## WHAT IS NEEDED
Each entry below is to be given again word for word, with no pictures.

[Saved entries]
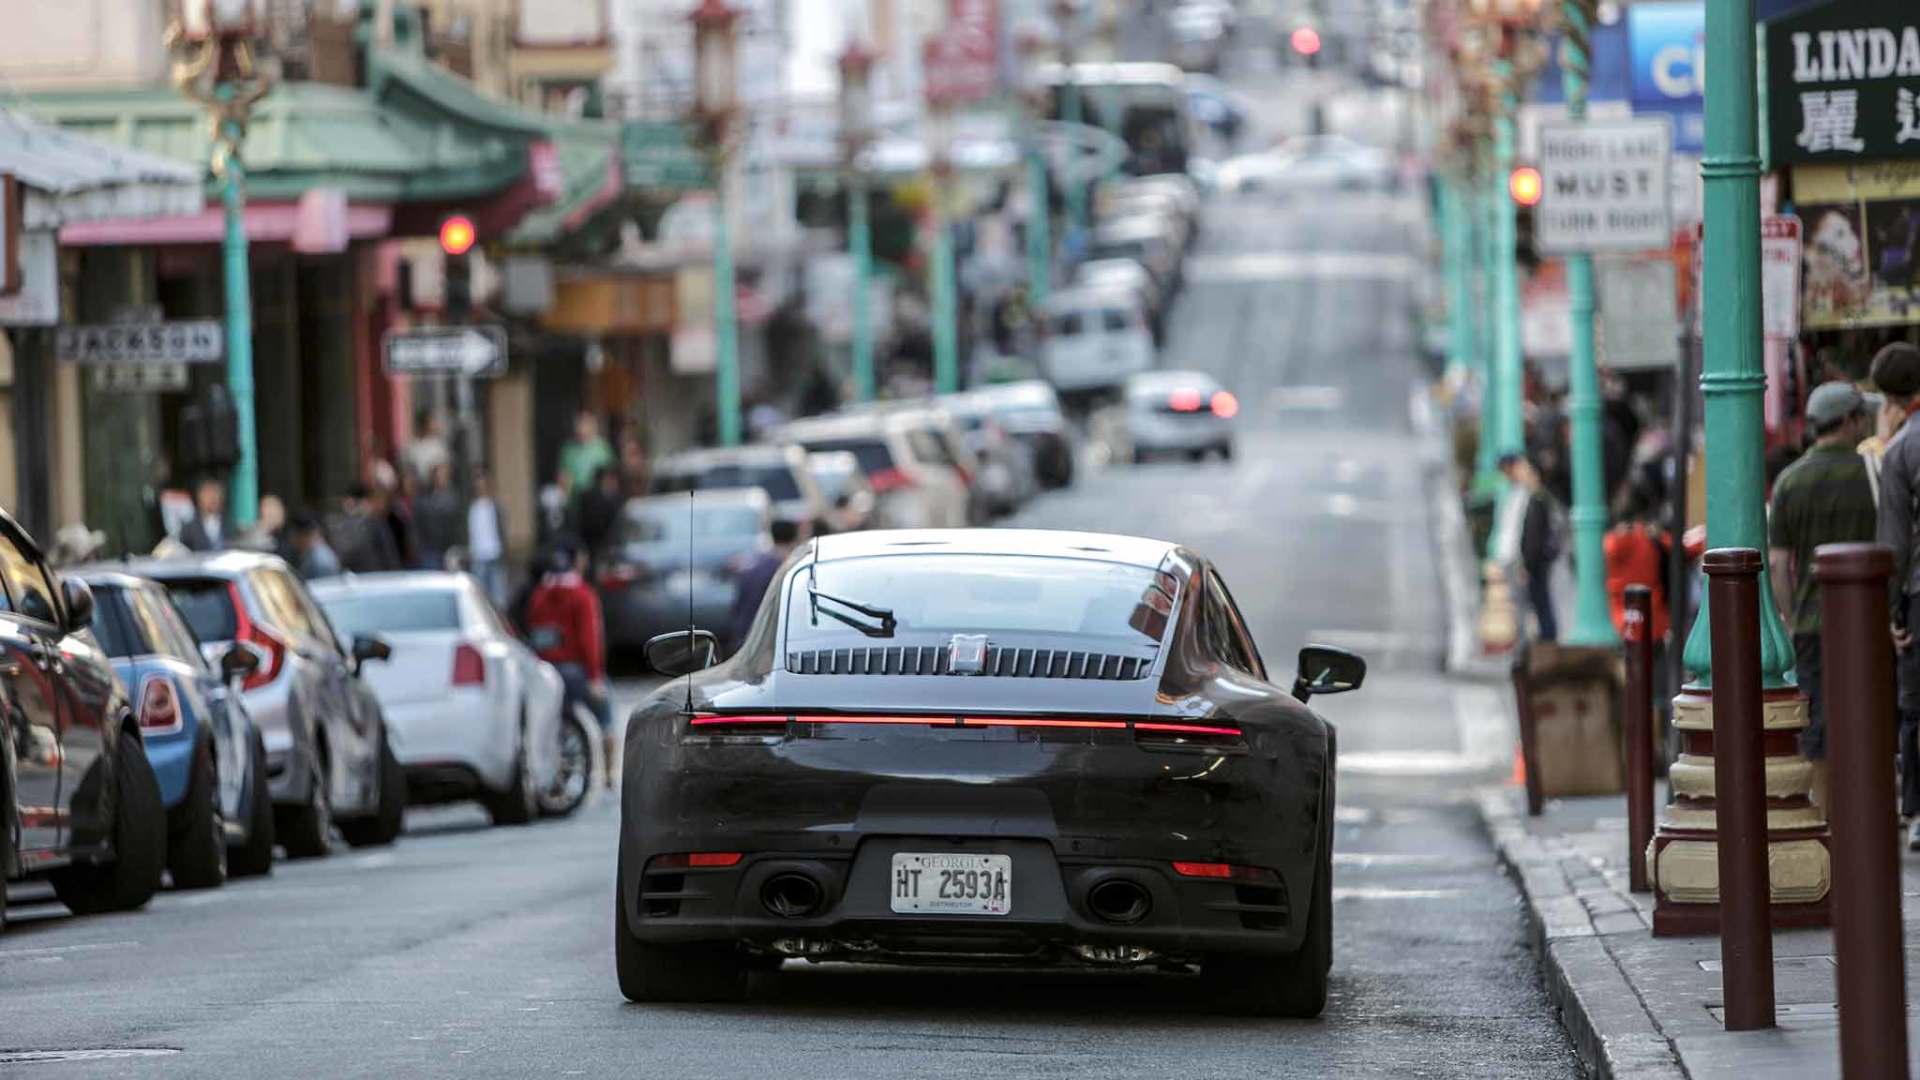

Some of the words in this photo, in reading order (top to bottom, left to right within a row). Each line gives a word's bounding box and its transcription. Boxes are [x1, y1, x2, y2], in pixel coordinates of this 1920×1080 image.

[1791, 26, 1920, 82] LINDA
[1554, 171, 1652, 198] MUST
[60, 326, 213, 358] JACKSON
[921, 857, 991, 869] GEORGIA
[897, 869, 922, 898] HT
[939, 869, 1005, 901] 2593A

## EXPECTED OUTPUT
Some of the words in this photo, in reading order (top to bottom, left to right within a row). Each line gives a word's bounding box and its transcription. Boxes are [x1, y1, x2, y2], in pixel coordinates of this 1920×1080 image.

[1791, 26, 1920, 82] LINDA
[1554, 171, 1652, 198] MUST
[60, 326, 213, 358] JACKSON
[921, 857, 991, 869] GEORGIA
[897, 869, 922, 898] HT
[939, 869, 1005, 901] 2593A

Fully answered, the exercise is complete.